**PROBLEM DETAILS**. What you return must match the records word for word, except that pictures are dropped.
BEGIN STORED DATA
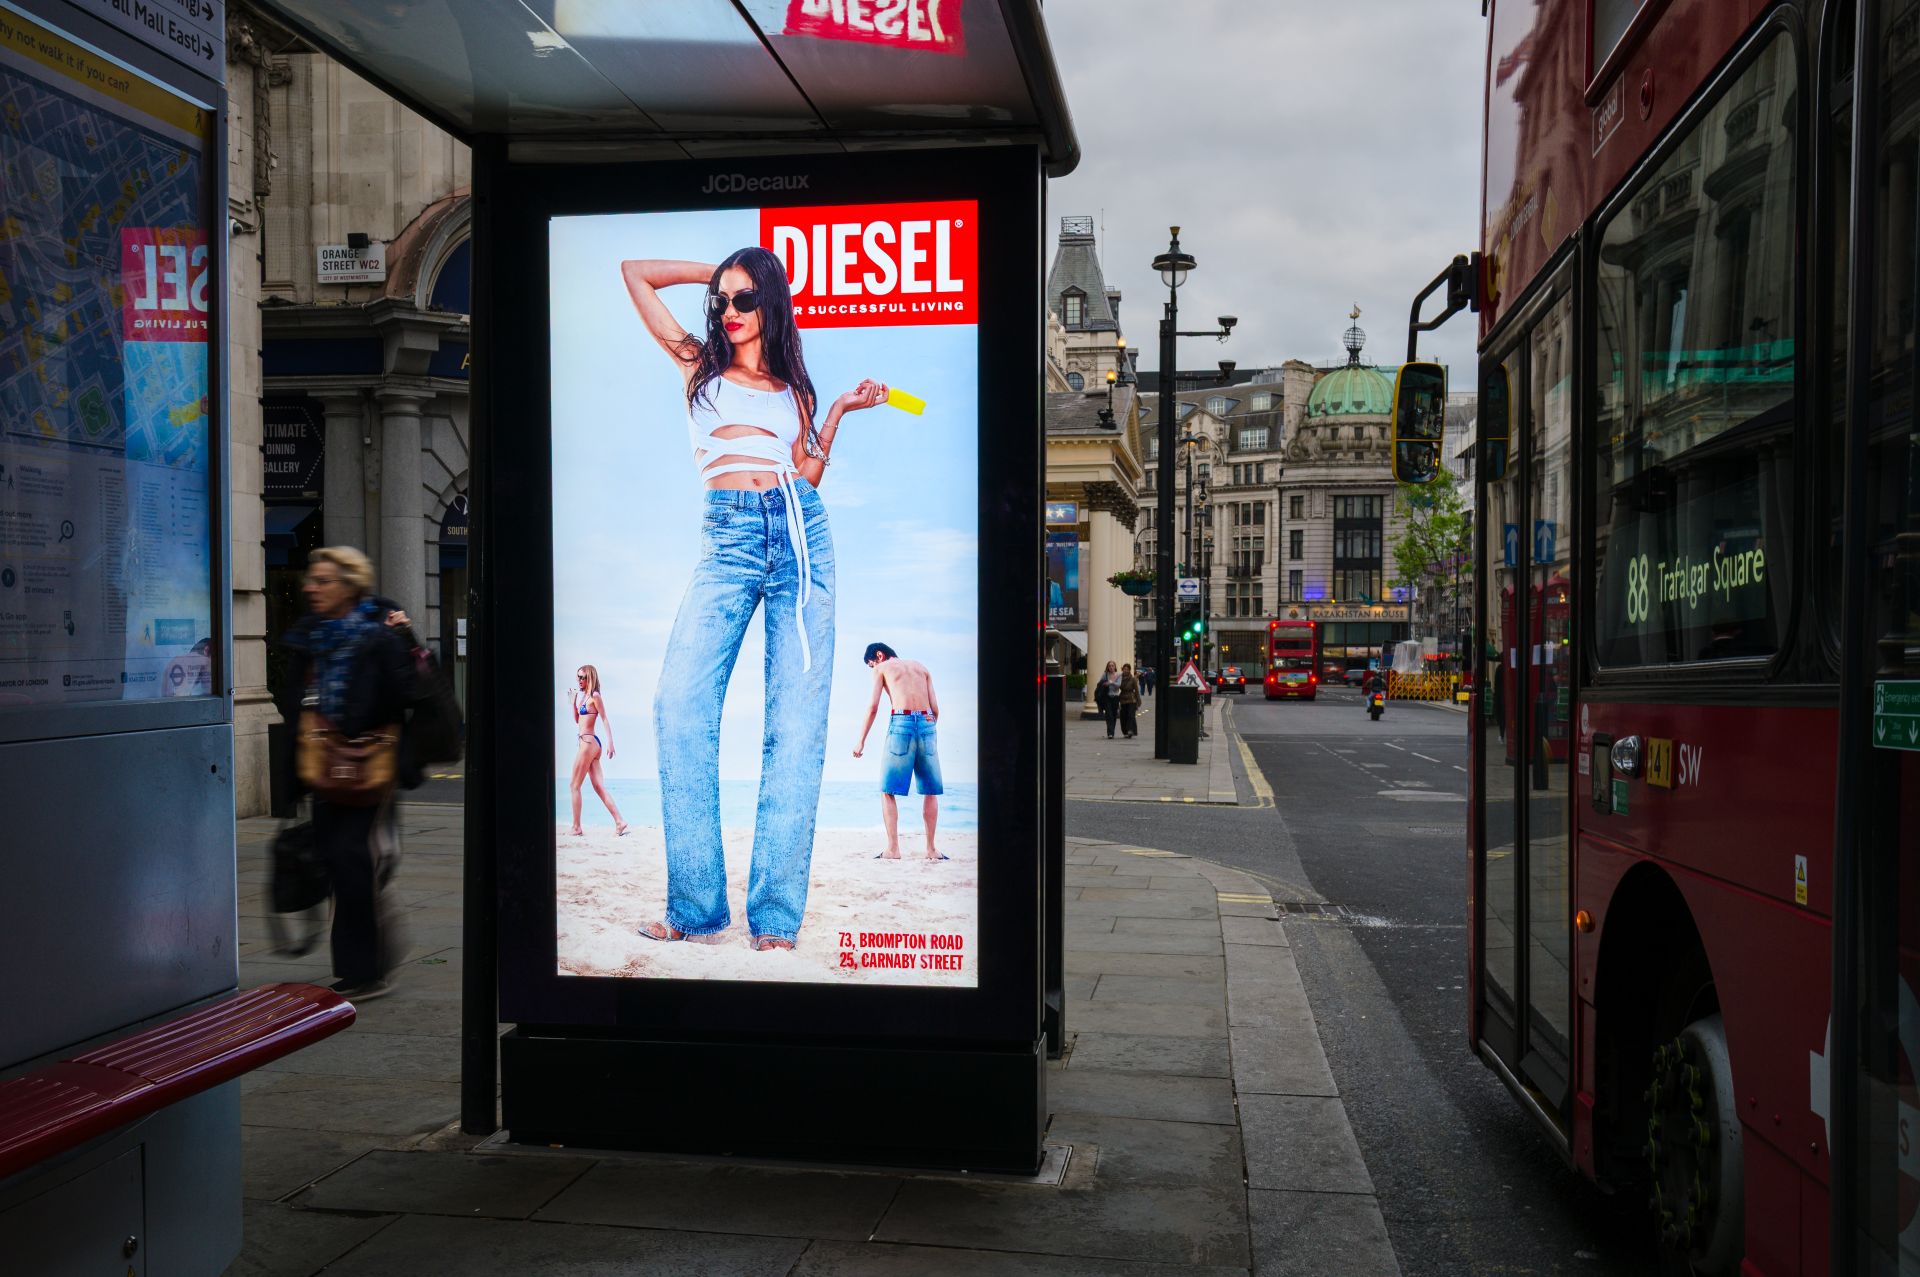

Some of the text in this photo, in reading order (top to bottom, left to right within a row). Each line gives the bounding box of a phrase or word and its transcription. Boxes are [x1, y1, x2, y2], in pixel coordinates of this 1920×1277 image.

[135, 2, 165, 35] Mall
[169, 21, 201, 56] East)
[17, 30, 36, 49] not
[39, 41, 64, 64] walk
[66, 55, 75, 69] it
[76, 59, 85, 73] if
[87, 66, 105, 84] you
[108, 76, 130, 95] can?
[1599, 86, 1618, 143] global
[702, 173, 809, 194] JCDecaux
[322, 249, 361, 260] ORANGE
[773, 219, 964, 297] DIESEL
[322, 259, 380, 271] STREET WC2
[808, 303, 907, 315] SUCCESSFUL
[911, 301, 964, 313] LIVING
[266, 443, 296, 455] DINING
[1628, 545, 1765, 624] 88 Trafalgar Square
[1058, 607, 1075, 616] SEA
[1313, 608, 1405, 618] KAZAKHSTAN HOUSE
[1679, 743, 1703, 788] SW
[838, 931, 964, 950] 73, BROMPTON ROAD
[839, 951, 964, 970] 25, CARNABY STREET
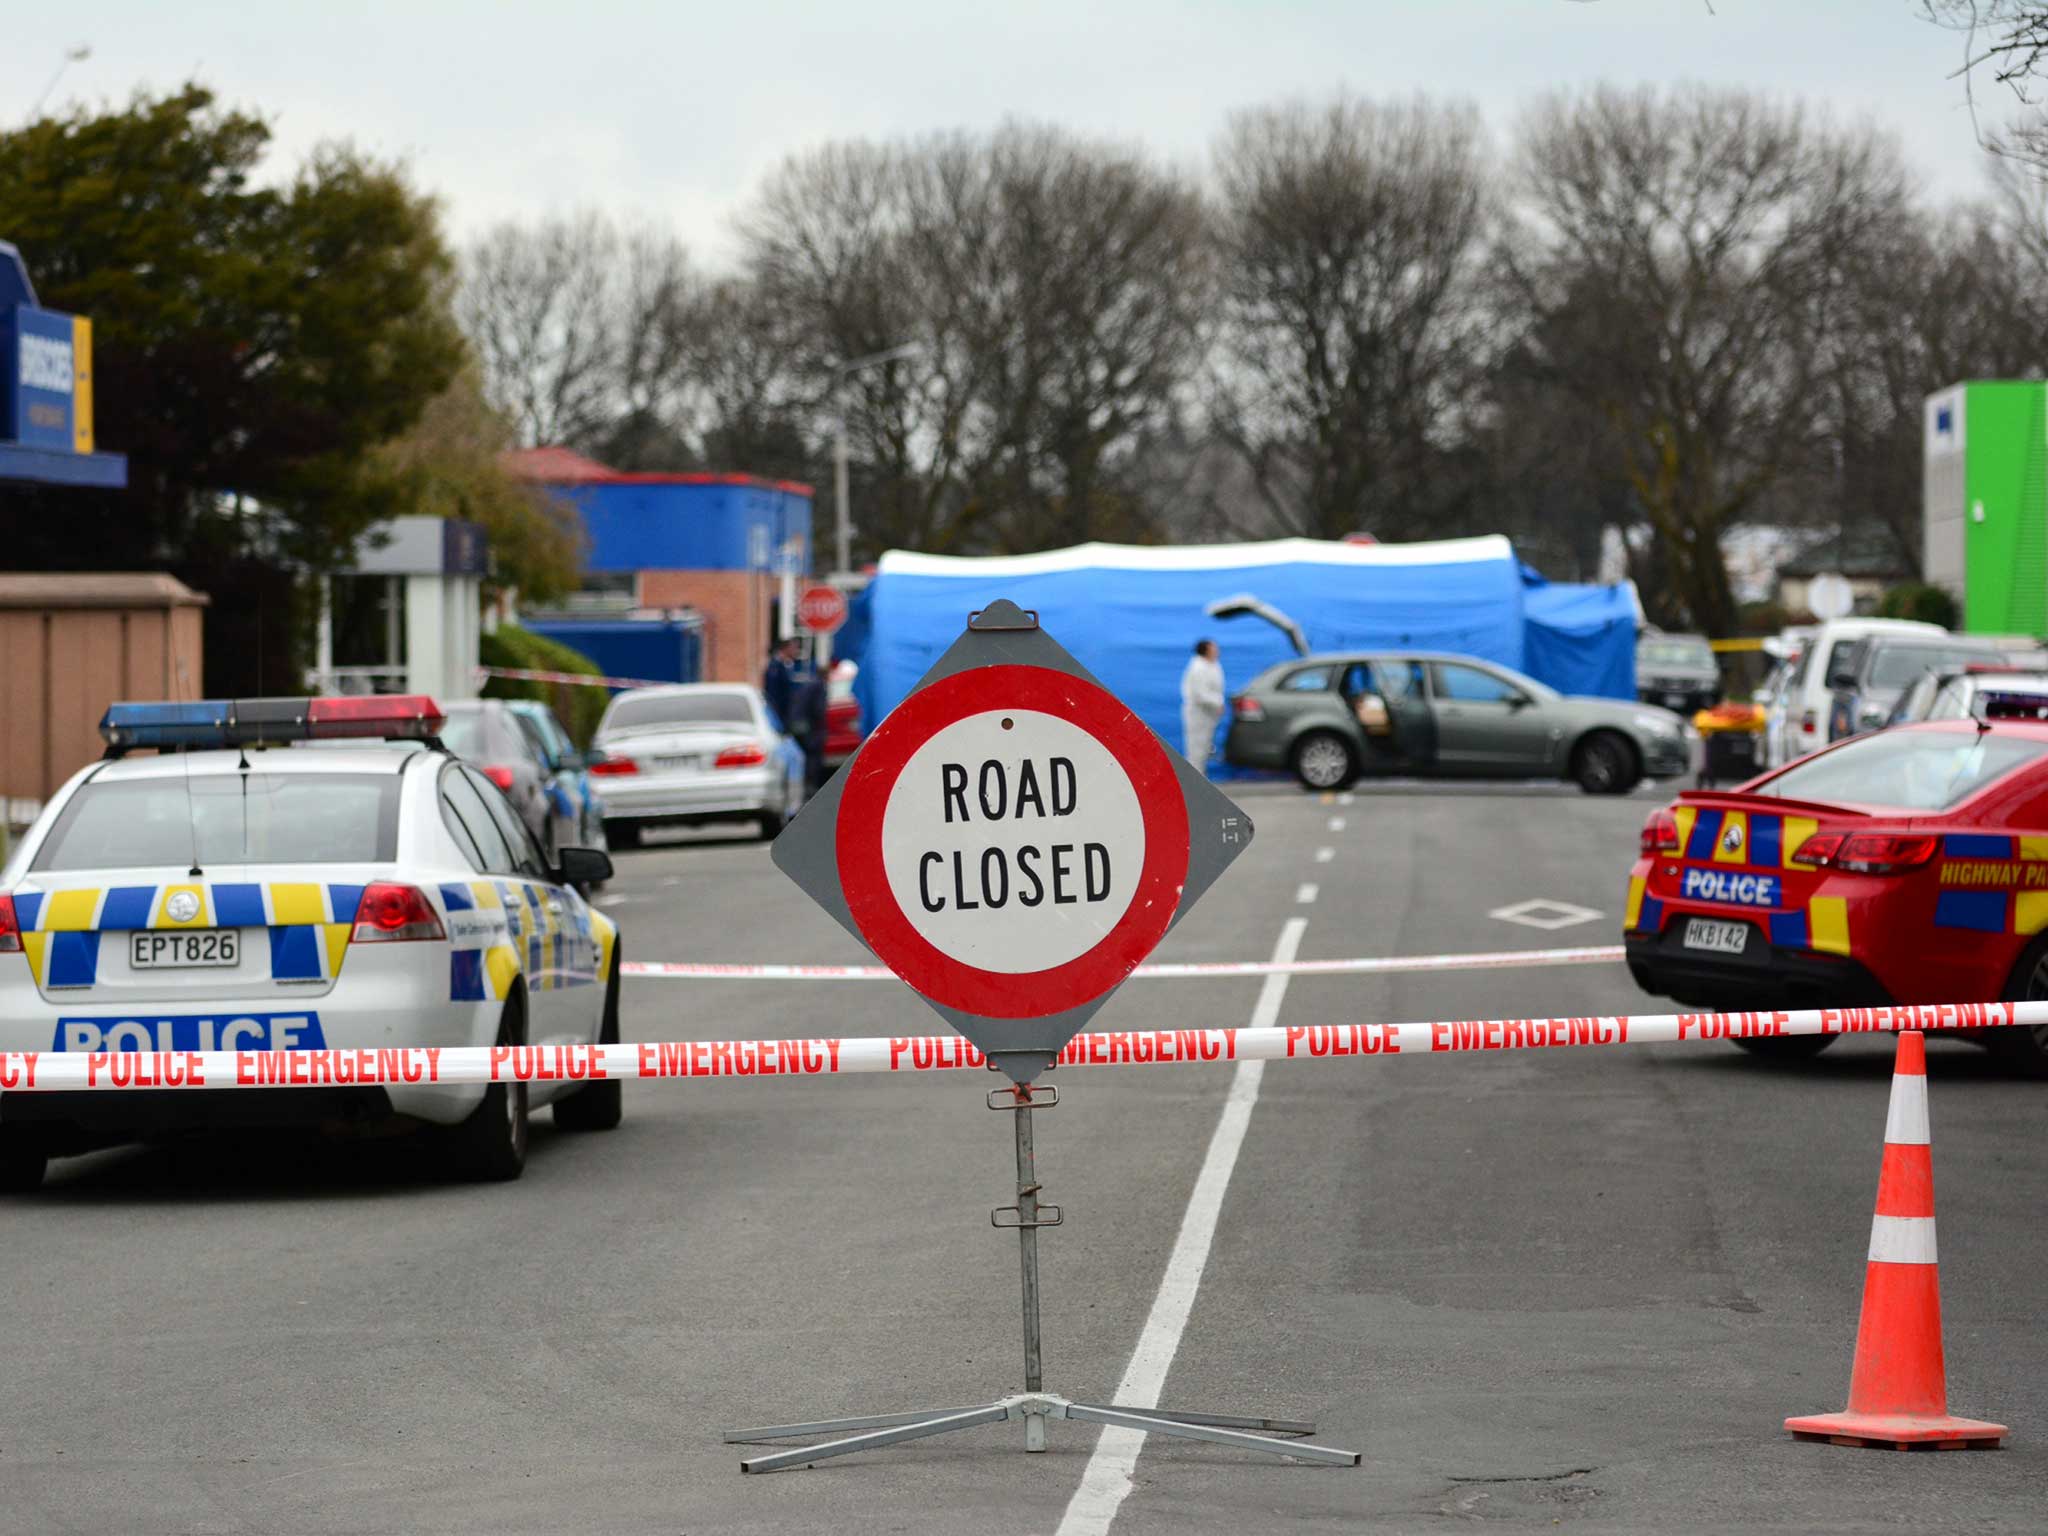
END STORED DATA
**RESULT**.
Some of the text in this photo, in reading order (top to bottom, left to right within a row). Each line gives the bounding box of a phrase or word and its transcription. Boxes are [x1, y1, x2, y2], in pixel coordinates of this 1920×1277 image.

[135, 2, 165, 35] Mall
[169, 21, 201, 56] East)
[17, 30, 36, 49] not
[39, 41, 64, 64] walk
[66, 55, 75, 69] it
[76, 59, 85, 73] if
[87, 66, 105, 84] you
[108, 76, 130, 95] can?
[1599, 86, 1618, 143] global
[702, 173, 809, 194] JCDecaux
[322, 249, 361, 260] ORANGE
[773, 219, 964, 297] DIESEL
[322, 259, 380, 271] STREET WC2
[808, 303, 907, 315] SUCCESSFUL
[911, 301, 964, 313] LIVING
[266, 443, 296, 455] DINING
[1628, 545, 1765, 624] 88 Trafalgar Square
[1058, 607, 1075, 616] SEA
[1313, 608, 1405, 618] KAZAKHSTAN HOUSE
[1679, 743, 1703, 788] SW
[838, 931, 964, 950] 73, BROMPTON ROAD
[839, 951, 964, 970] 25, CARNABY STREET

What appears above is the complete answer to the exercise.